Stop blaming your PC for RSI

Old world ills, such as smoking and obesity, are just as much to blame...
Written by Ron Coates, Contributor

Old world ills, such as smoking and obesity, are just as much to blame...

A study published today lets computers off the hook as the cause of severe RSI. A team of Danish occupational health doctors have found after a massive study that computer use does not pose a severe occupational hazard for developing symptoms of carpal tunnel syndrome (CTS). The results of the study are published today in the Journal of the American Medical Association. CTS is often seen as a severe form of RSI. The team surveyed 9,480 Danish trade union members in two batches, followed up with clinical interviews. It found no significant association of CTS with keyboard use, but conceded that there could be an association with people who use a mouse more than 20 hours per week.

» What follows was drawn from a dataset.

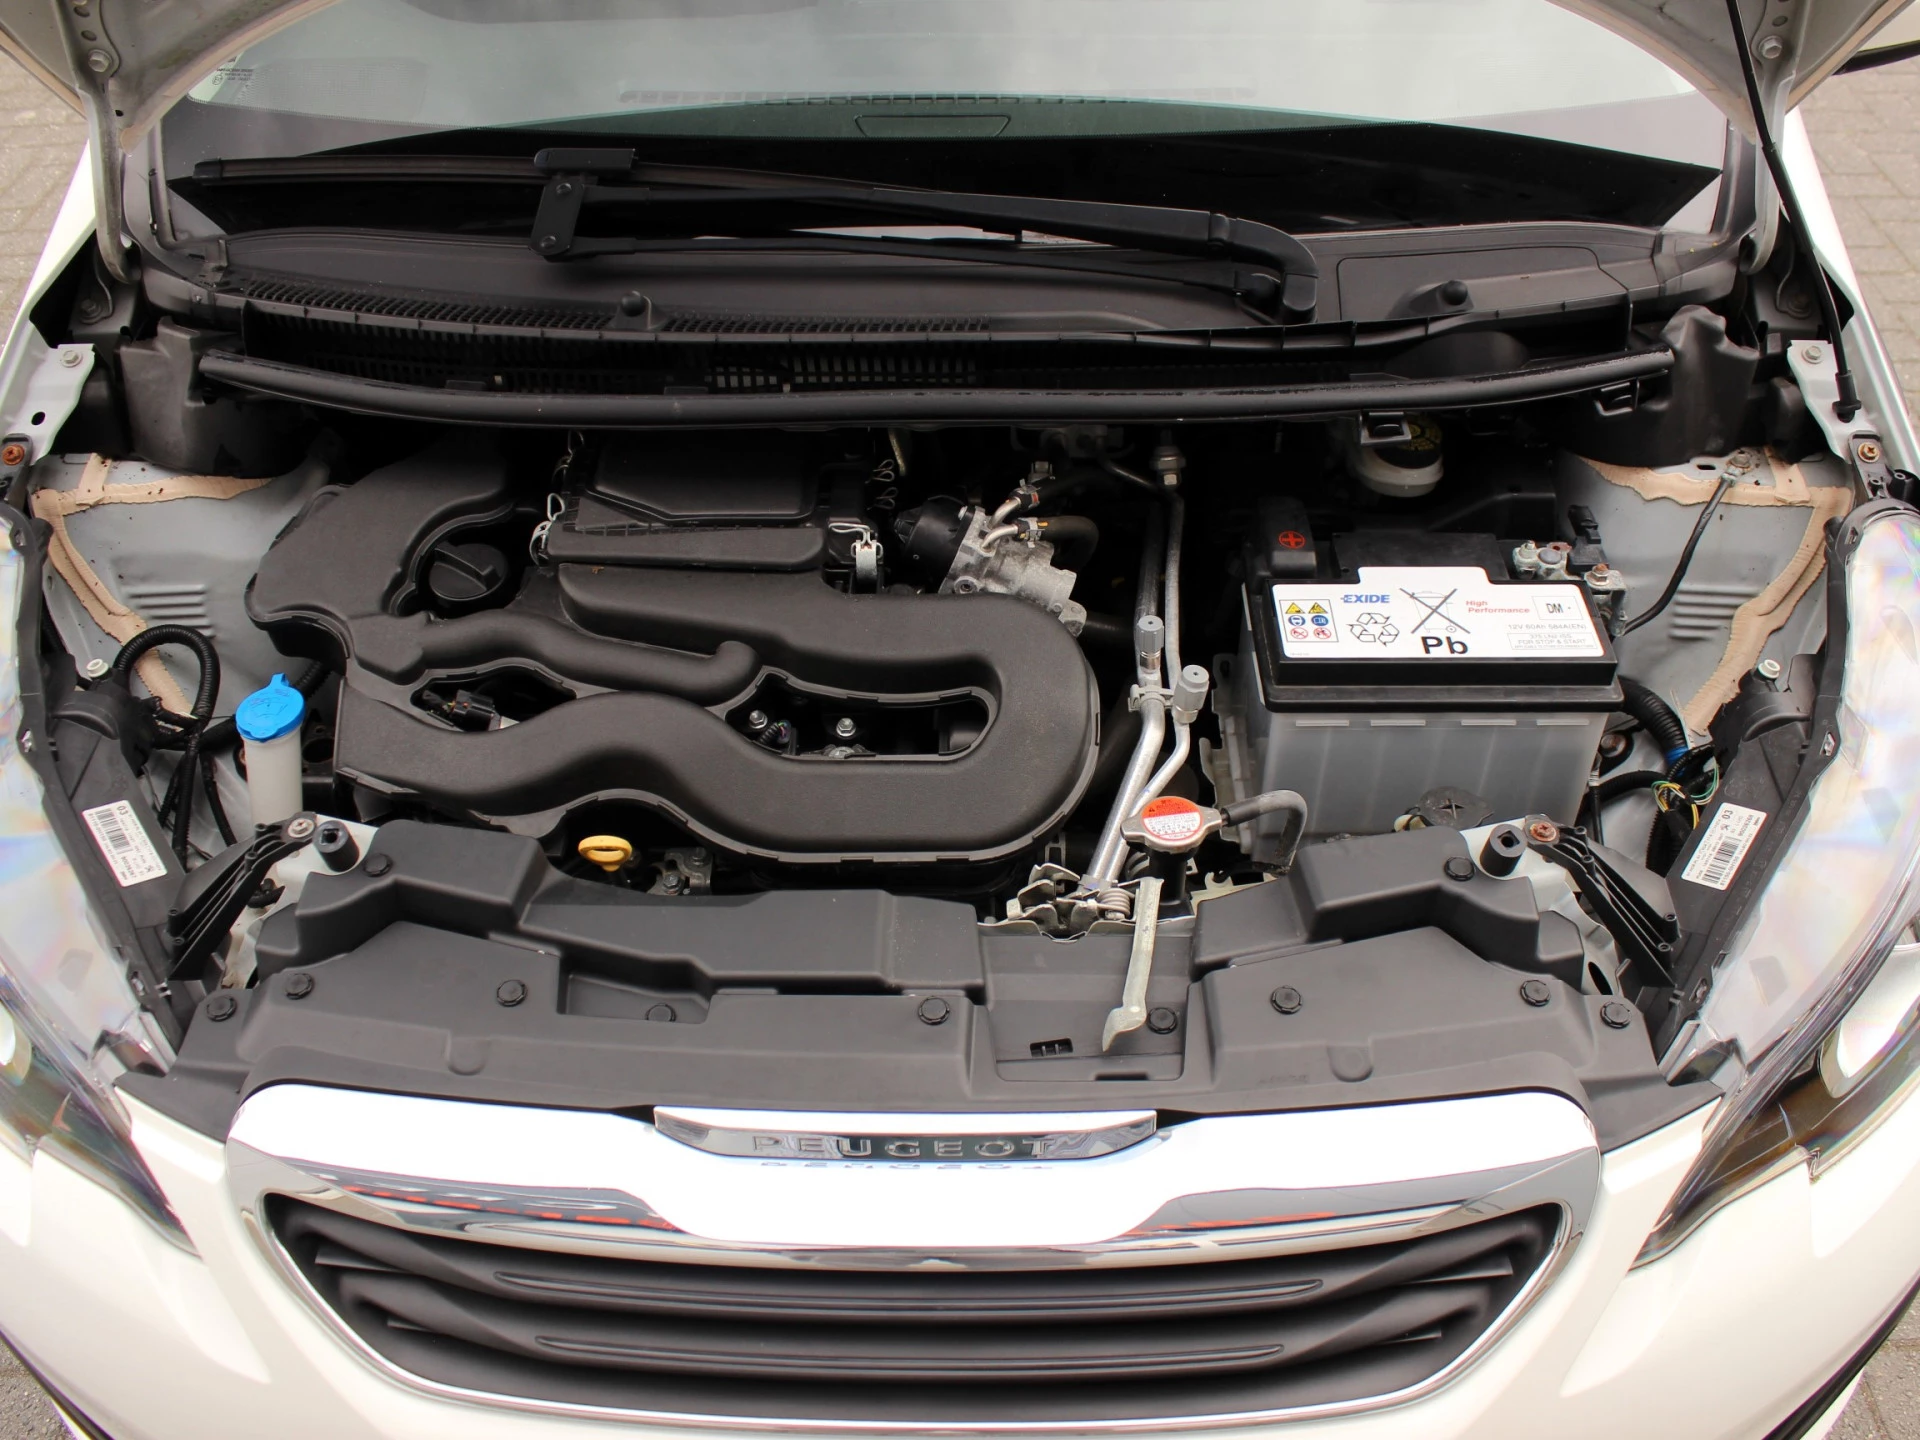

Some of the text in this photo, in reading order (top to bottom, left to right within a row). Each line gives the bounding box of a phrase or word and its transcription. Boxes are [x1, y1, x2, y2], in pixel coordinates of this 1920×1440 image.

At the UK's RSI Association, chief executive Andrew Chadwick was not convinced. He said: "Some doctors do not group CTS with other RSI injuries – there doesn't seem to be the repetitive and constricted movement necessary." "But computers do damage people," he said. A TUC spokesman pointed out that: "It's not just computer use. In the UK there has never been a case won on computer use alone – there are always other factors as well. It is the way the work is managed. It takes bad conditions as well as computers." The Danish team found that CTS is linked to other medical illnesses, including smoking, diabetes, arthritis and obesity, not to mention "the stresses and strains of everyday life."